The primary benefit of the dollar-reserve is the ability of the US to run up enormous deficits with impunity, giving the US, what Valery Giscard d’Estaing described as, an “exorbitant privilege.” Due to the huge US deficits large numbers of dollars circulate outside of the US and with convertibility gone, and therefore no longer redeemable for gold, there is very little that can be done by foreign treasuries with these dollars other than use them to purchase US Treasury bonds. Although these bonds are paid with interest, it is accepted that they are never really redeemed. As economist Michael Hudson points out,

‘To the extent that these Treasury IOUs are being built into the world’s monetary base they will not have to be repaid, but are to be rolled over indefinitely. This feature is the essence of America’s free financial ride, a tax imposed at the entire globe’s expense.’

This advantage of having all other nations trading using dollars, and the ability to print dollars, gives US capital supremacy. Money can be created by the Federal Reserve, exchanged for real goods and services from foreigners, then borrowed back by the US Treasury. Furthermore, the effect of low interest rates on the bond, coupled with inflation means that the bonds actually depreciate in value over time, adding a ‘seigniorage’ which is in effect a ‘tribute’ – a tax extracted from foreign nations who purchase goods using dollars. This gives US financial institutions – and those who control them- the ability to print paper money to exchange for real resources. The US thus guarantees itself a supply of goods and sets the terms to suit. The foreign currency reserves contained abroad have been paid for by transfer to the US of ‘really existing’ goods – things exchanged for paper. As Michael Mann elucidates,

‘It is finance which adds American hegemony. The dollar remains the world’s reserve currency and Wall Street trades two-thirds of the value of the world’s stocks and shares. Since values are ultimately denominated in dollars, much of the other nations’ reserves and savings are held in dollars. This means it offers only low interest rates, so that foreigners are essentially lending money to the US. Thus American consumers can amass large debts and American governments can finance massive trade and budget deficits. The poorer counties subsidise the American economy far more than they ever receive in US development aid. The US is the biggest debtor nation, a sign of strength, giving it a unique degree of financial freedom.’

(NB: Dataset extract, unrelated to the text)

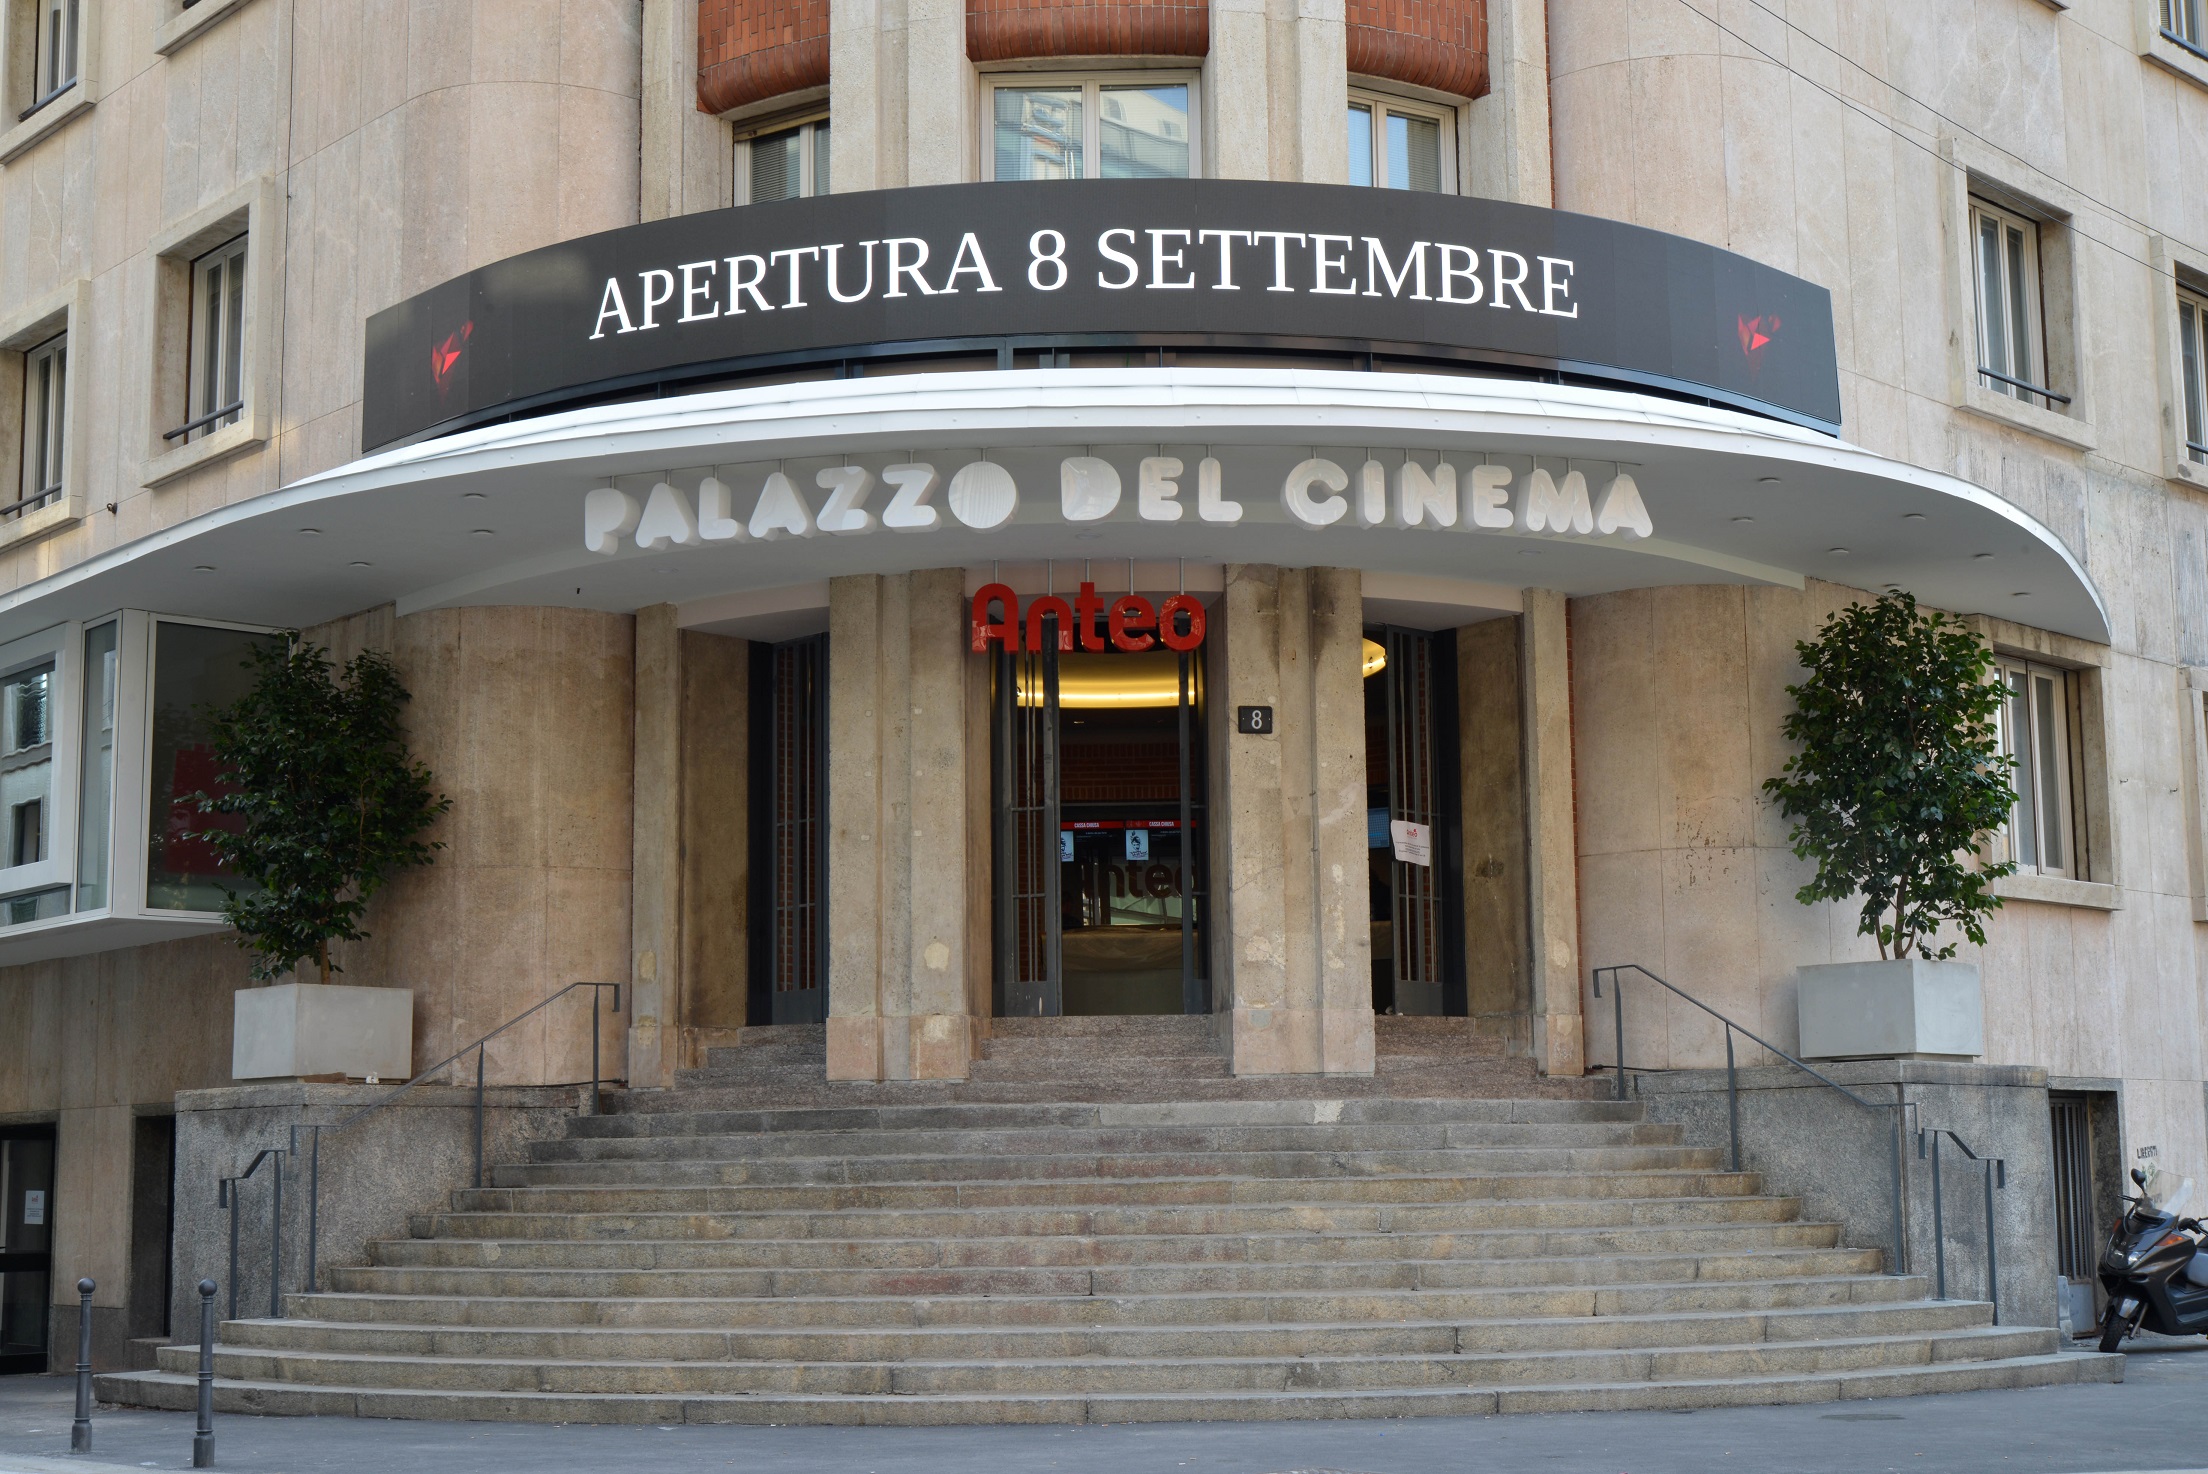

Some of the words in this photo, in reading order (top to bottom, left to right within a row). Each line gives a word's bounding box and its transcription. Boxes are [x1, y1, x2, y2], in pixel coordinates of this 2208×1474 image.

This would certainly appear the ‘national attribute’ which Perry Anderson suggests is required for hegemony. And it is certainly a ‘national attribute’ which is held by no other country at this time.

The large trade deficit held by the US is part of the voluntary servitude which the globe is held in, and exemplifies the Gramscian notion of hegemony; this is subordination by consent. This deficit has effectively allowed the US to expand its military power. The ‘hot wars’ fought by the US during the Cold War – Vietnam the pinnacle – were paid for by Europe, a point which was understood by Giscard d’Estaing. The national debt which the US has accrued remains a military debt. The US spends more on its military than all other nations put together and is fundamental to the countries industrial policy, what Eisenhower called “the military-industrial complex.” It assumes such a large proportion of US government spending, that if taken away, ceteris paribus the US would not be in deficit. The dollar-reserve has created the US ability to operate foreign military bases, which would suddenly become very costly if not paid for in dollars, as well as the ability to pay for an advanced military infrastructure that can obliterate anywhere in the world within hours. It has also furnished the neoliberal tax cuts and the increasing military expenditure used to bolster US hegemony in the case of the military invasion of Iraq – essentially as part of a strategy to control the global oil tap –which simply continued this trend of US deficit spending from the 1970s. It is through this military power that US capital is able to enforce the dollar-reserve system, but it is through the dollar-reserve that the US is able to afford its military system.

III – US Cold War strategy in East Asia

Yet, many assume this situation cannot continue. It wouldn’t appear the most sustainable method to manage a complex system. The structural issues relating to the US economy -namely the debt – have apparently sown the seeds of its demise. This has recently been brought into focus as China is now on the ascent, its economic growth and large trade surplus the key indicators of Beijing’s new power. To understand how far this new financial power will alter the global balance of power, we must look again at the powers which have been accrued in Washington – the ideological, the economic, the military and political – and see whether there is any erosion of this through the replacement of Japanese, or European creditors with those from China. The primacy of the economic in any analysis of the nature of capitalist interrelations – a point that surely Marx would have agreed on – again brings my focus to the post-war economic situation.

East Asian growth, which had begun in Japan as a result of the Cold War US economic aid program, had been linked to the advantageous characteristics of the post-war mode of capitalist accumulation. The export led model of industrialisation had benefitted hugely from the unhindered access to foreign markets as part of the tariff reductions in light of GATT; the dominance of the liberal capitalist order emanating from Washington helped Japan and the ‘East AsianTigers’ through the ‘open door’. Wages were kept low through authoritarian governments in many of these countries who diverted precious resources into strategic sectors of industry. The low-wage low-price, export-orientated model of growth was far from a ‘miracle’ but was engineered as part of US Cold War strategy in the Asia-Pacific region. Moreover, these countries were never meant to challenge US interests, but were to remain subservient and assist Washington in its Cold War geopolitical strategy.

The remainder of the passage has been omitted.